# has anyone used doyouspain to hire a car?



## Unregistered (10 May 2005)

We are travelling to Salou end of June and i've booked a car from doyouspain.com.I was wondering has anyone else used this crowd and if so any good or bad stories about them?


----------



## Henny Penny (11 May 2005)

Haven't used them before. When arranging our car hire this year we used www.carjet.com and found them excellent.


----------



## Unregistered (11 May 2005)

We tried carjet but we want a people carrier and they were booked out for the dates we wanted so we got the next cheapeet price from doyou.Thanks anyway henny penny.


----------



## lips1973 (6 May 2007)

I just recently hired a car from doyouspain in Mallorca- it was great and fairly cheap. It was nice paying everything up front and not having to worry about anything when you bring the car back. The staff were very helpful. I will be using them again in the future


----------



## DrMoriarty (6 May 2007)

I've had good experiences with them, too. Once, I accidentally put in a wrong date, and when I emailed them to alert them to the problem and alter the booking they responded extremely quickly and courteously. I also like that they don't take anything from your credit card up front, unlike the online booking systems of the rental companies themselves.

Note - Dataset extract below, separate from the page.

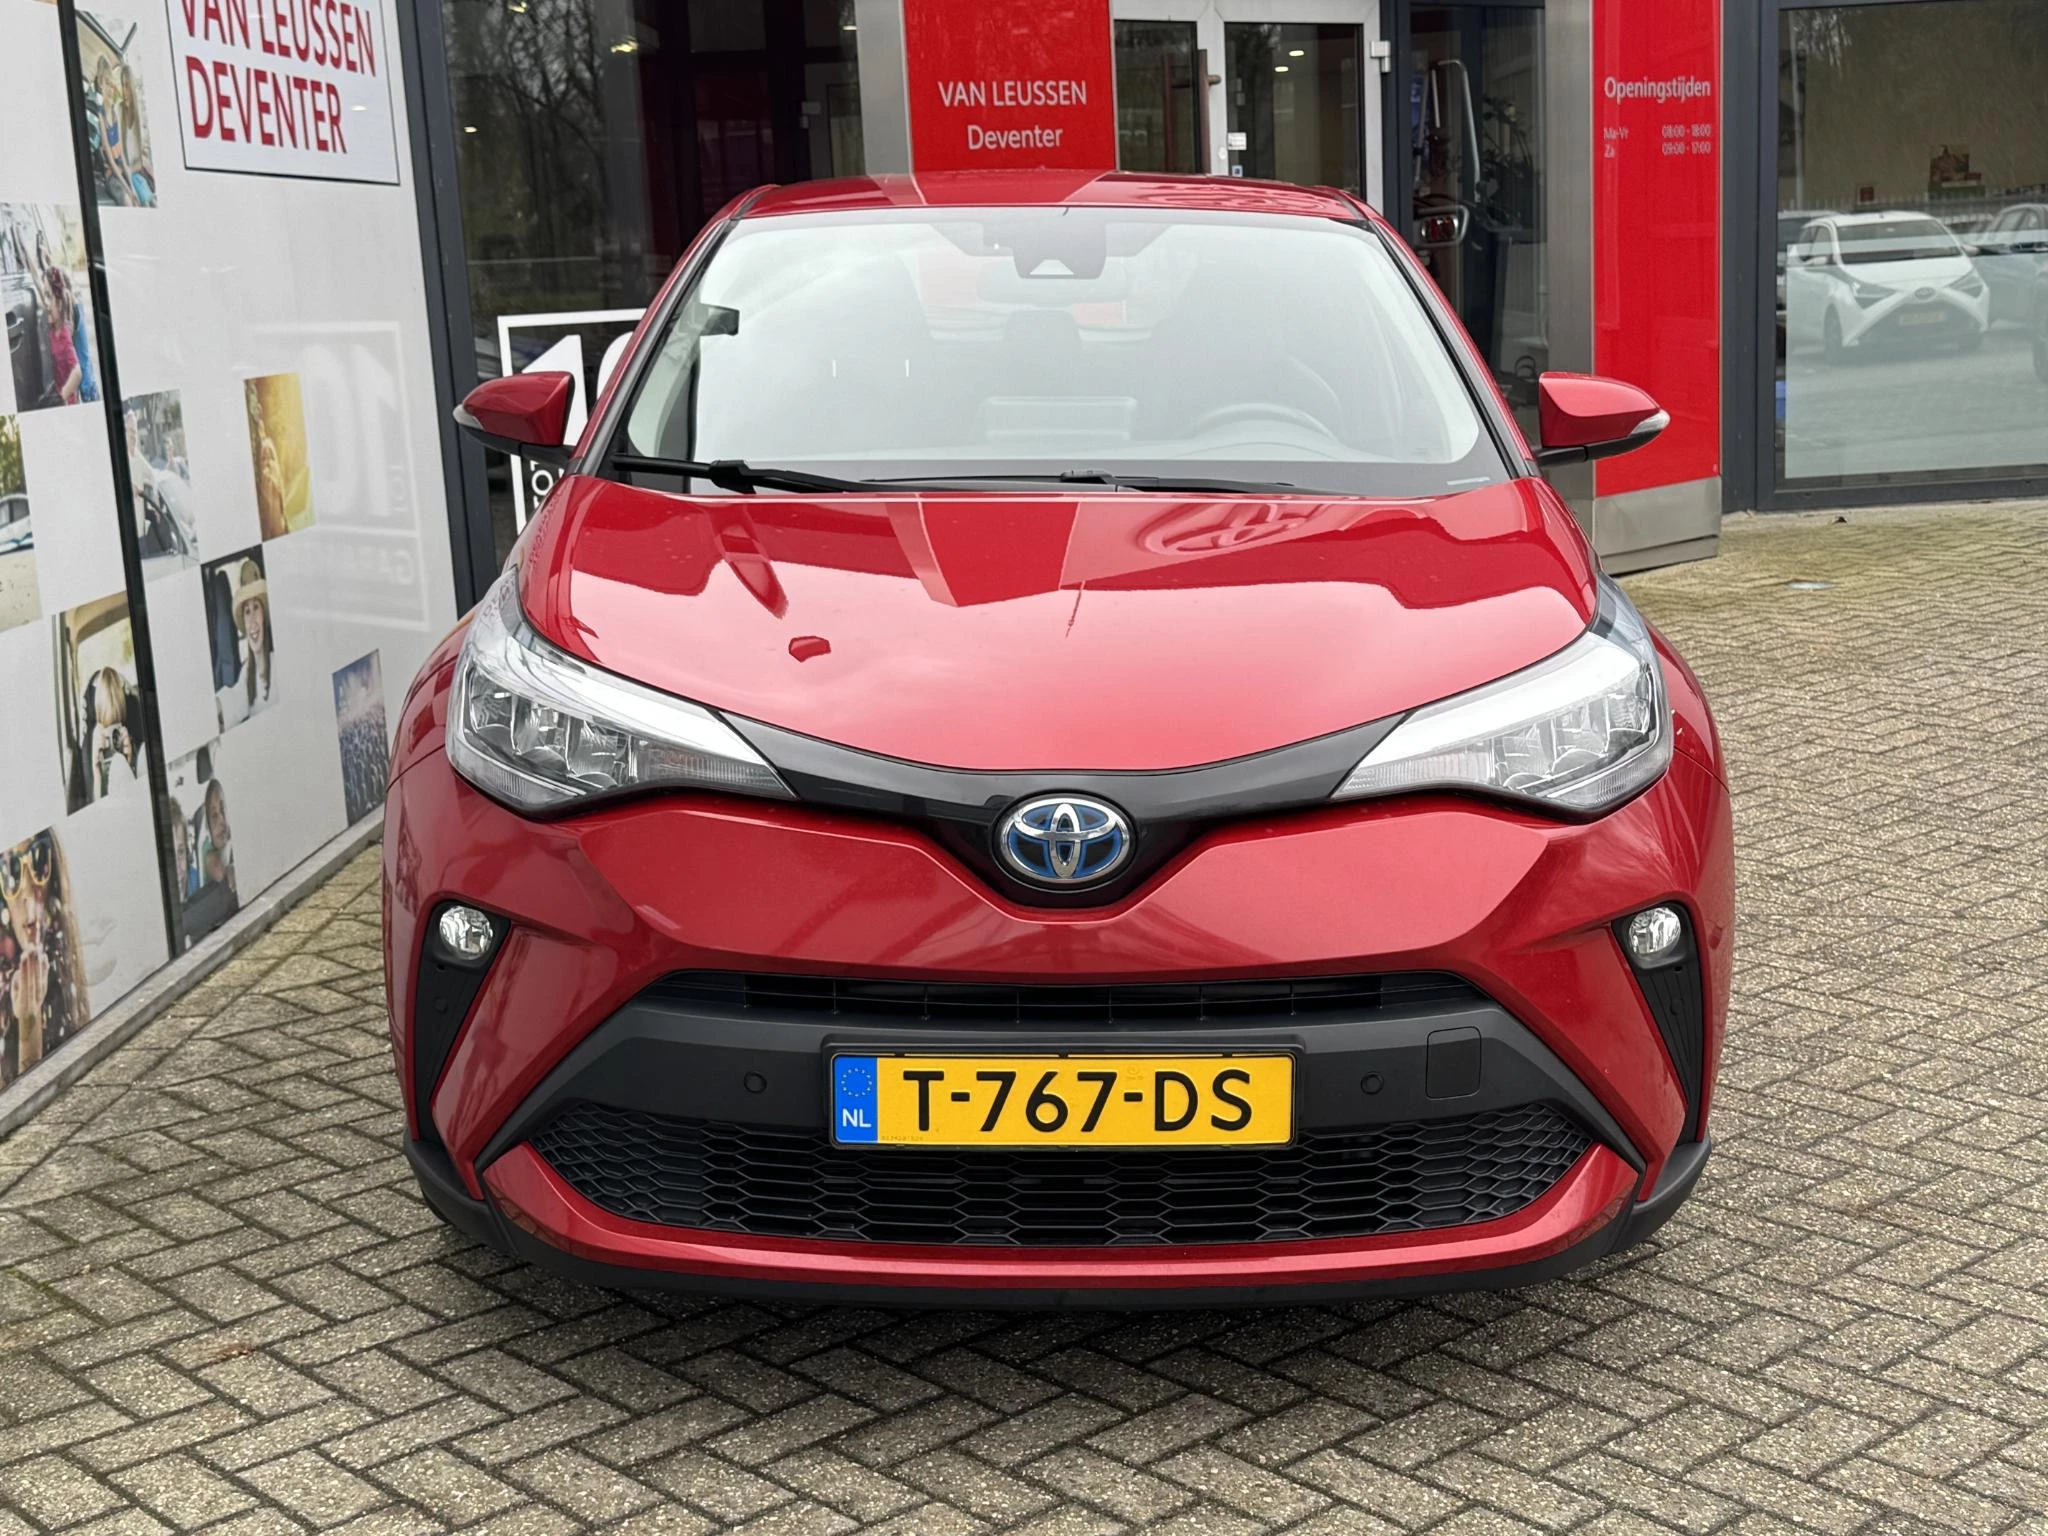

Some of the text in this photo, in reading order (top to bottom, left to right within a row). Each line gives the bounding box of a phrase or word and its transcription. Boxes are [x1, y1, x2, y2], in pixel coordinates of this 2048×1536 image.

Bear in mind that Carjet/DoYouSpain _et al _just handle the reservation — your 'customer experience' in Spain will probably have more to do with the rental company on the ground (National, Atesa, etc.).

 I can also recommend checking your quote against www.argusrentals.com, an Irish company I generally use when travelling anywhere other than to Spain.


----------



## Daperskin (28 May 2007)

I have been using Doyouspain.com for at least five years now, both in mainland Spain and Tenerife. 
They always have given us excellent service and are so helpful, not to mention that they are without doubt one of the cheapest. Somehow, they manage to get hire cars cheaper from the rental companies than going direct.
I have never had one problem with them and have even had a couple of free vehicle upgrades. 
I would recommend them to anyone.


----------



## debs (28 May 2007)

We used them last year in mainland Spain - definitely cheaper for renting MPV.  Would not hesitate to use them again.


----------



## tina27a (28 May 2007)

I've also used doyou and found them excellent to deal with and the people carrier we got was brand new.tried booking them last year and they took the booking and then got back to me to say they had none available but sent me a voucher against anymore bookings i'd make with them.Nice gesture i thought.


----------



## peteoxford (2 Oct 2008)

has anyone tried to email doyouspain.com? I am trying to cancel a car and as they do not have a phone number the only option is to email...however I have tried emailing them 5 times and they have not confirmed cancellation. 

Cheers,
Pete


----------



## alstro5 (4 Oct 2008)

In my opinion don't touch www.argusrentals.com. I have used them before to rent in Germany, Spain and France and found them price competitive. But had a problem when I booked with them from Kerry Airport where they used 353 carrental who over charged my credit card which I didn't notice at the time (charged more than was stated on the voucher). Trying to sort the problem with argus afterwards is impossible as the email and phone contacts all seem to be automated replies. It's been over two months now without a refund or explanation and I can't be bothered to follow it up anymore (which is probably what they want!). I would be interested to hear of anyone else's experiences with [URL="http://www.argusrentals.com's"]www.argusrentals.com's[/URL] after sales service (if it exists)


----------



## Concert (5 Oct 2008)

Used DOYOUSPAIN when we travelled to Reus, Barcelona three weeks ago, found them fine, only problem is you must pay for a full tank of petrol and bring back empty.  We used very little petrol during week we were there so its a bit of a rip off but seemingly most of the car hire companies have the same policy and dont refund for unused petrol.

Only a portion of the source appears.